PROBLEM
A faithful copy is required: transcribe each line below exactly, minus the pictures.

DATA TO EXAMINE
+---+

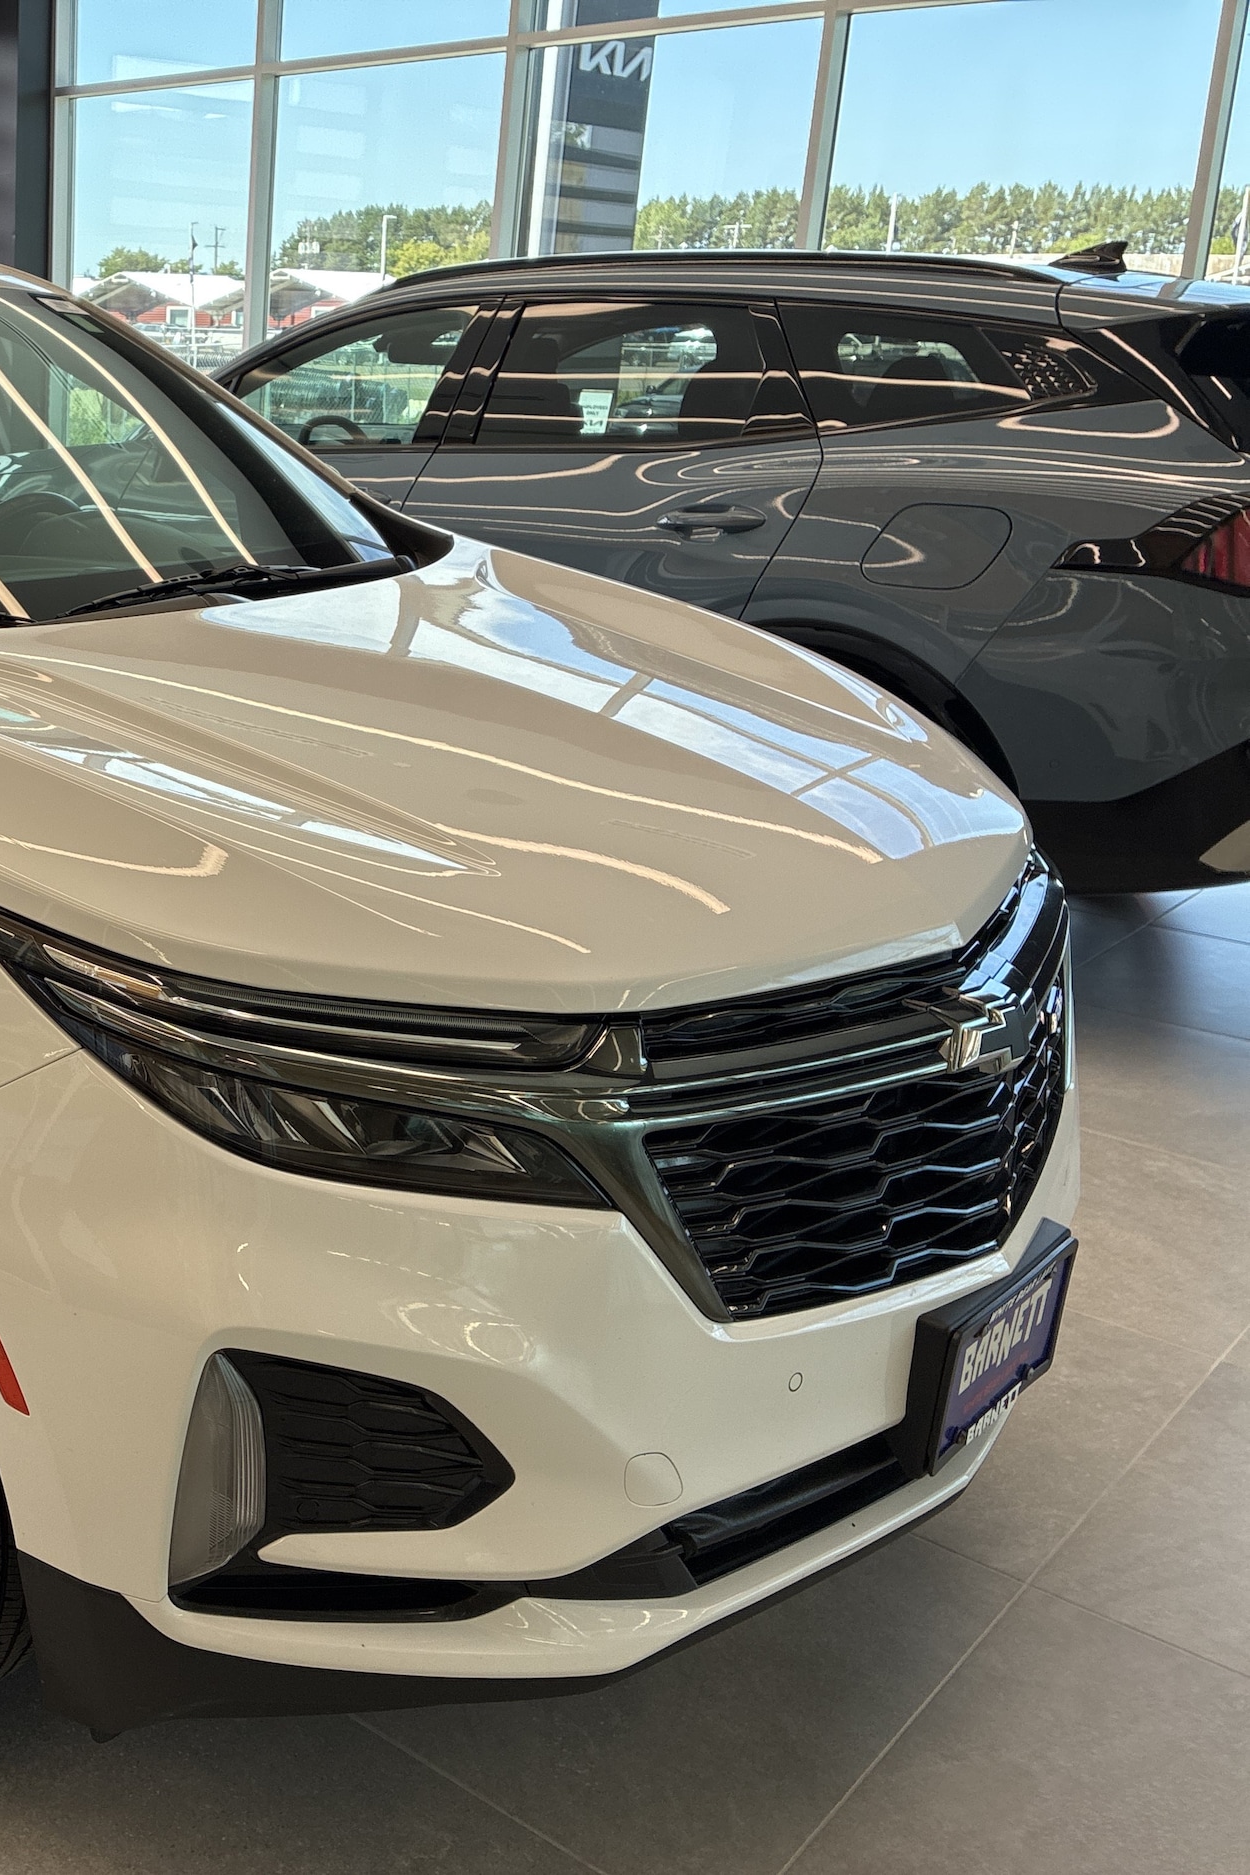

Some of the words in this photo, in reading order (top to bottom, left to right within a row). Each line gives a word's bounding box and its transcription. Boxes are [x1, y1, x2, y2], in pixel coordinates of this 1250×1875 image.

[579, 41, 653, 81] KIA
[958, 1278, 1053, 1396] BARNETT
[966, 1381, 1023, 1446] BARNETT
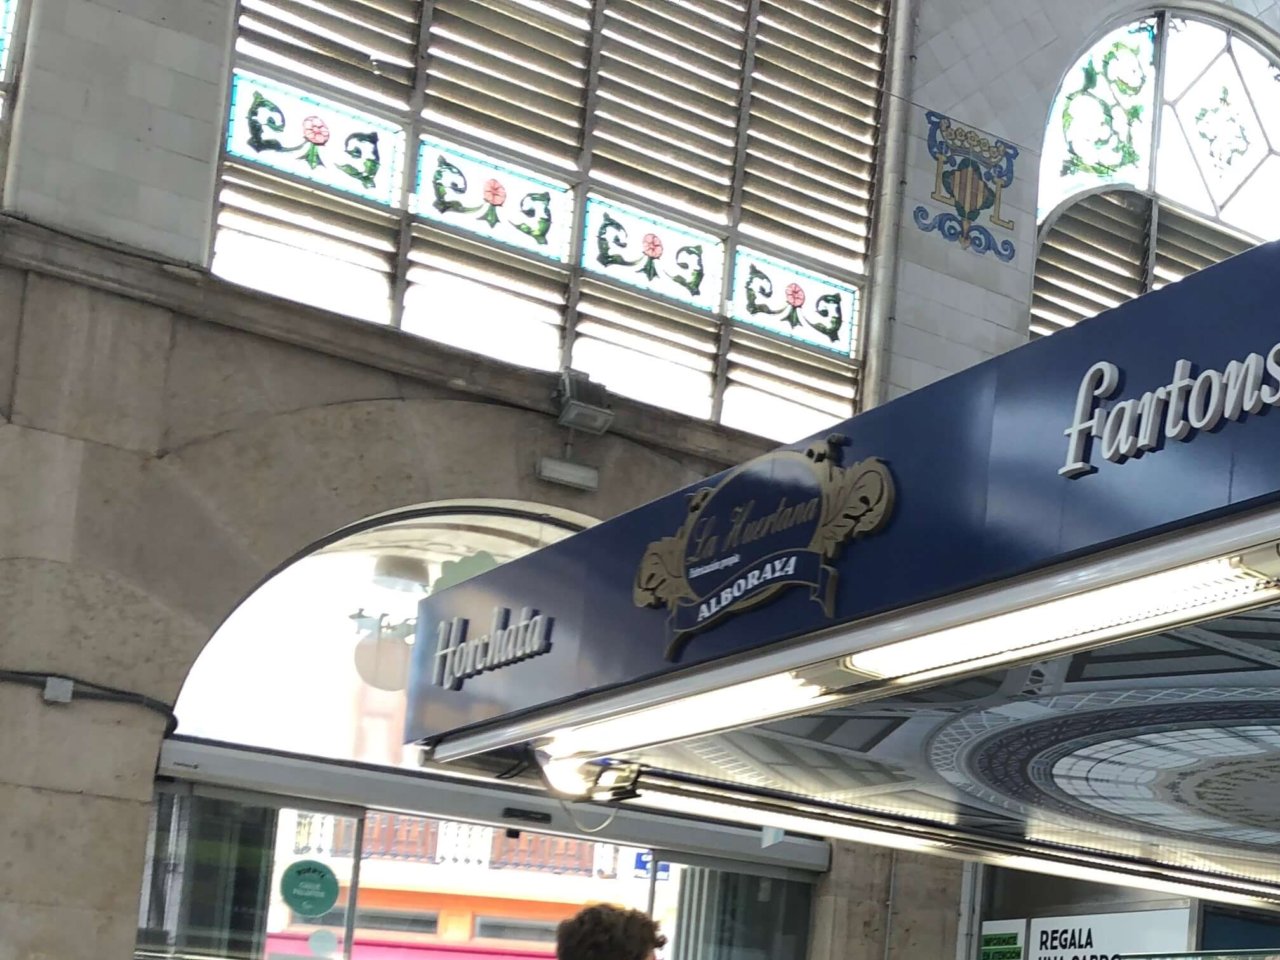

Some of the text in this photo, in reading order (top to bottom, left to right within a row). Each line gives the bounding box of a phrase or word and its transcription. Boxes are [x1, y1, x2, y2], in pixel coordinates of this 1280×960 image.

[697, 556, 798, 621] ALBORAYA
[430, 607, 553, 690] Horchata
[1039, 928, 1094, 950] REGALA
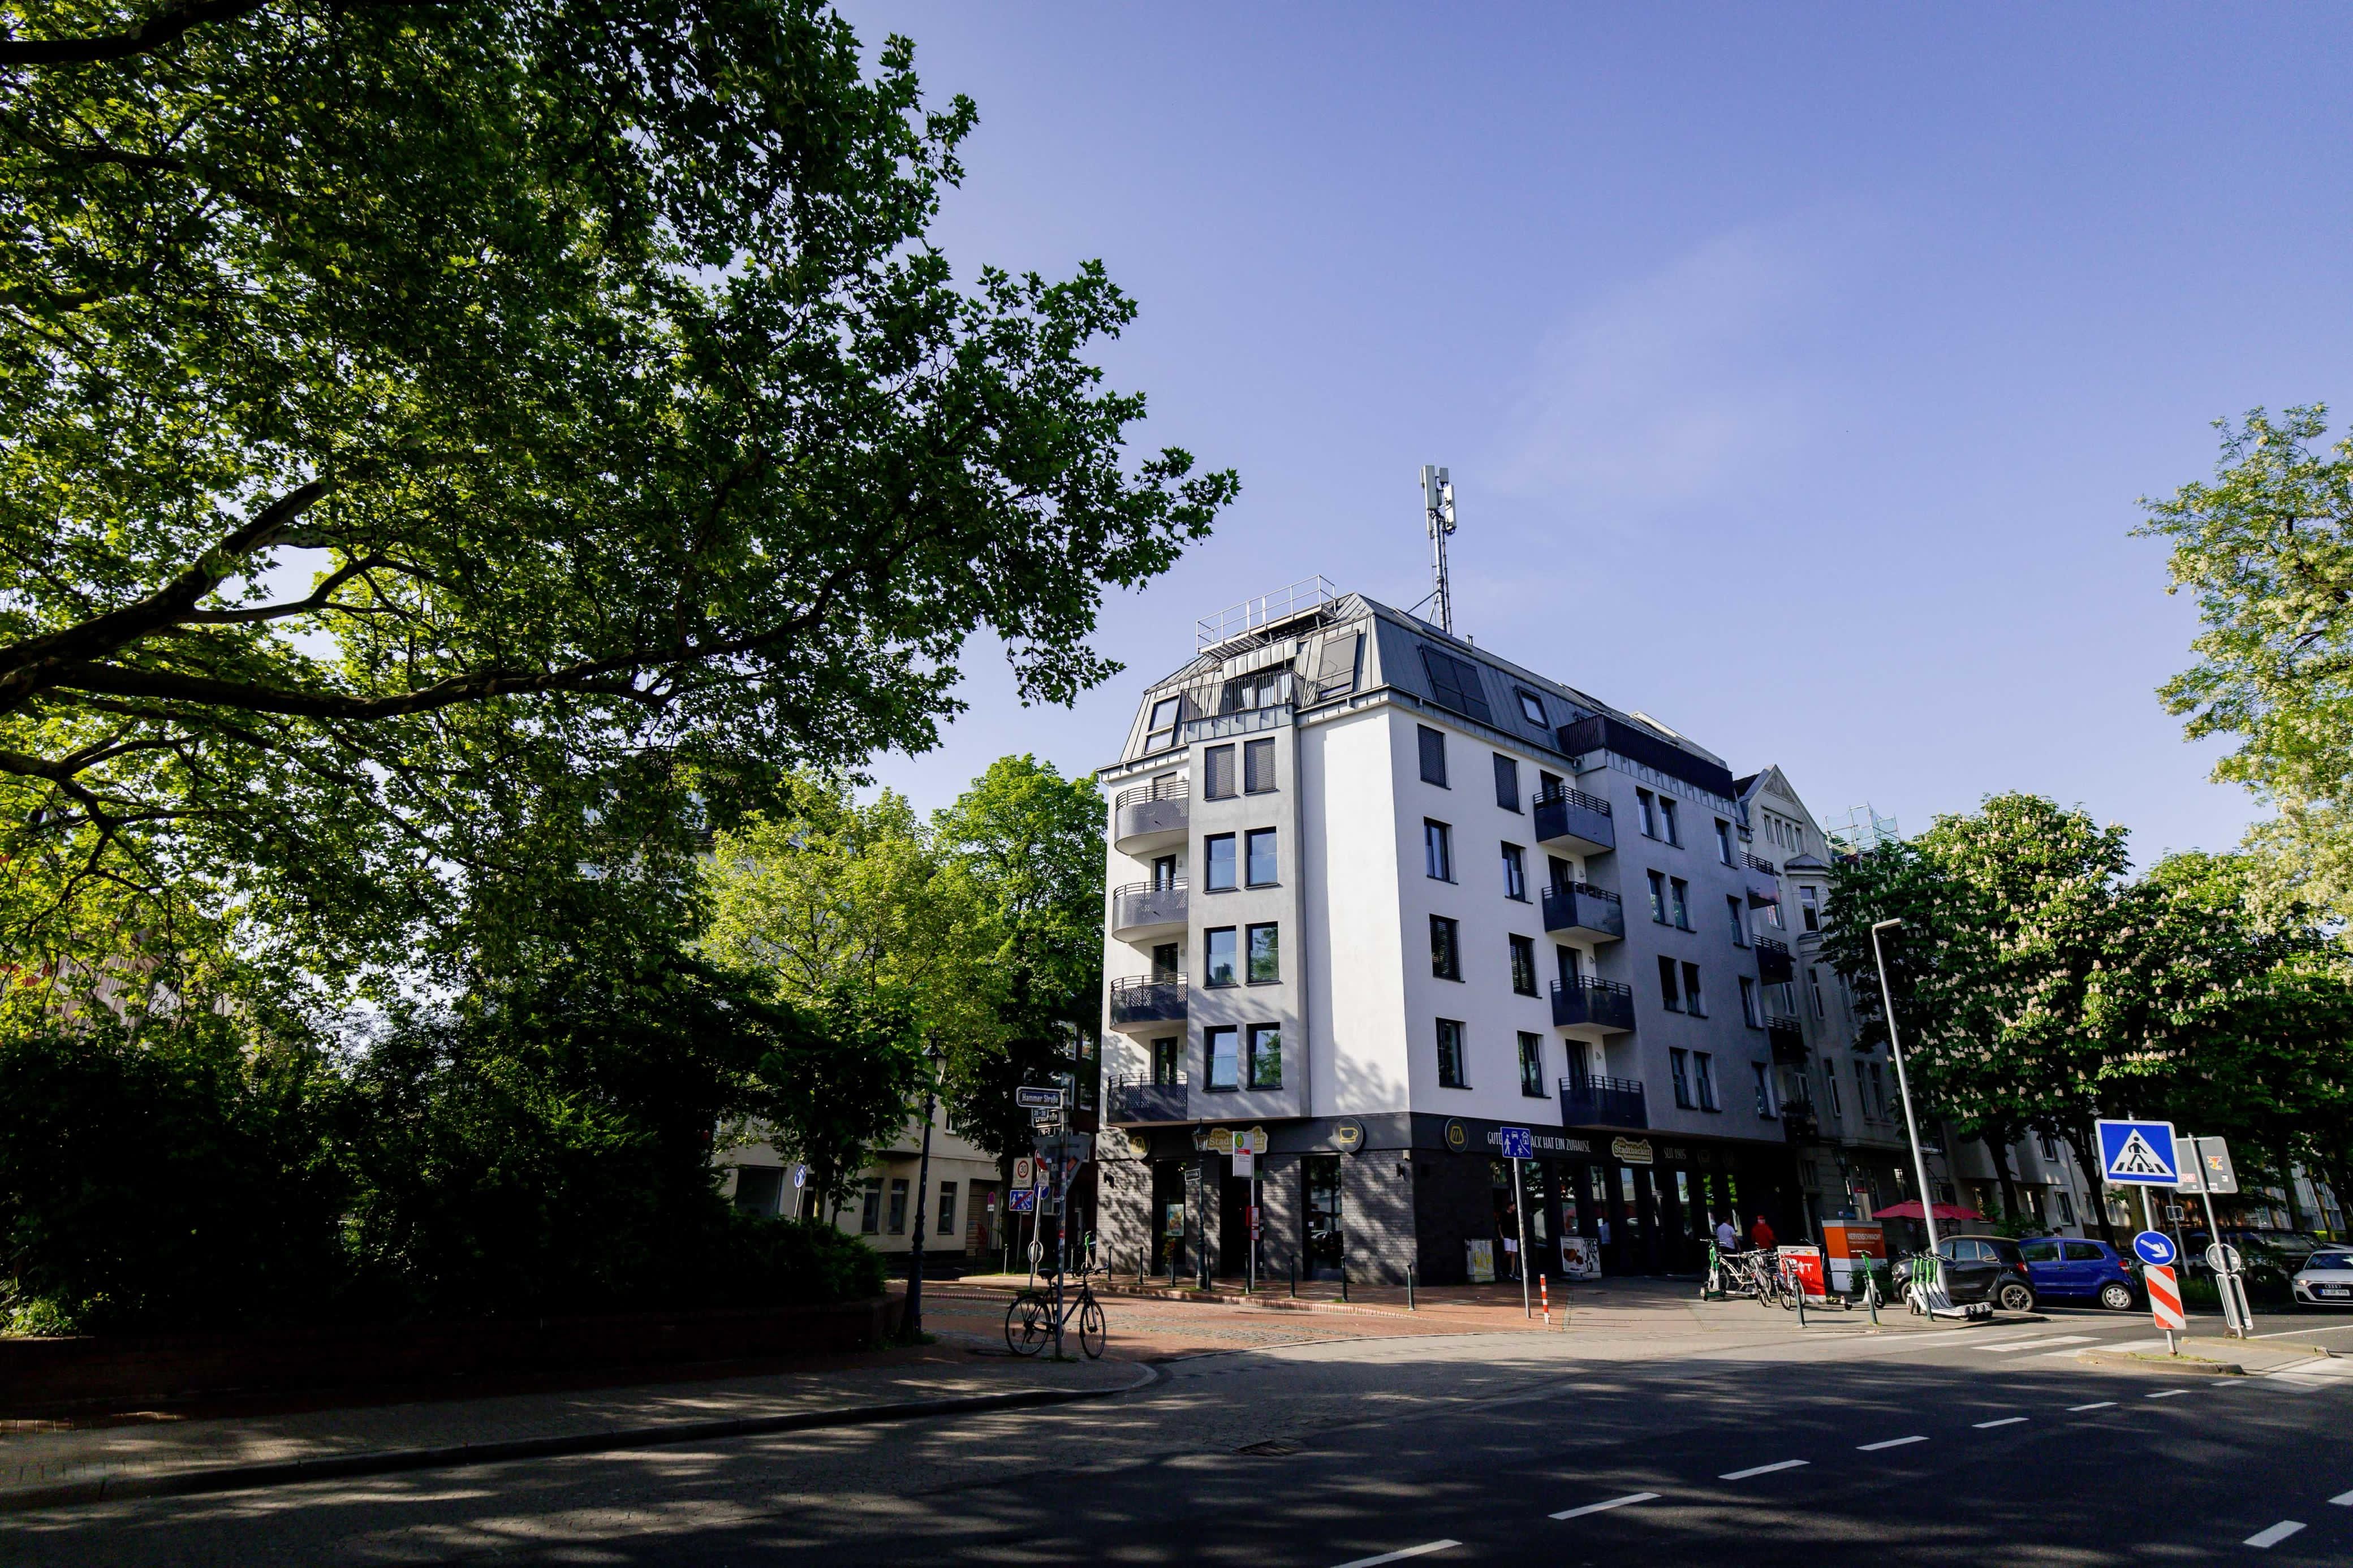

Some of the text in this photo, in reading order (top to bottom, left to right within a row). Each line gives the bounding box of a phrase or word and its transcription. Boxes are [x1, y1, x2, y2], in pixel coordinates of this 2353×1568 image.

+---+

TASK ANSWER
Some of the words in this photo, in reading order (top to bottom, left to right within a row). Each line gives a word's bounding box and its transcription. Boxes are [x1, y1, x2, y2], in pixel coordinates of this 1250×1875 image.

[579, 41, 653, 81] KIA
[958, 1278, 1053, 1396] BARNETT
[966, 1381, 1023, 1446] BARNETT

Some of the text in this photo, in reading order (top to bottom, left to right within a row). Each line gives the bounding box of a phrase or word and its transcription. Boxes are [x1, y1, x2, y2], in pixel coordinates of this 1280×960 image.

[697, 556, 798, 621] ALBORAYA
[430, 607, 553, 690] Horchata
[1039, 928, 1094, 950] REGALA

Some of the text in this photo, in reading order (top to bottom, left to right within a row). Each line gives the bounding box of a phrase or word and its transcription. Boxes are [x1, y1, x2, y2], in pixel coordinates of this 2353×1568 image.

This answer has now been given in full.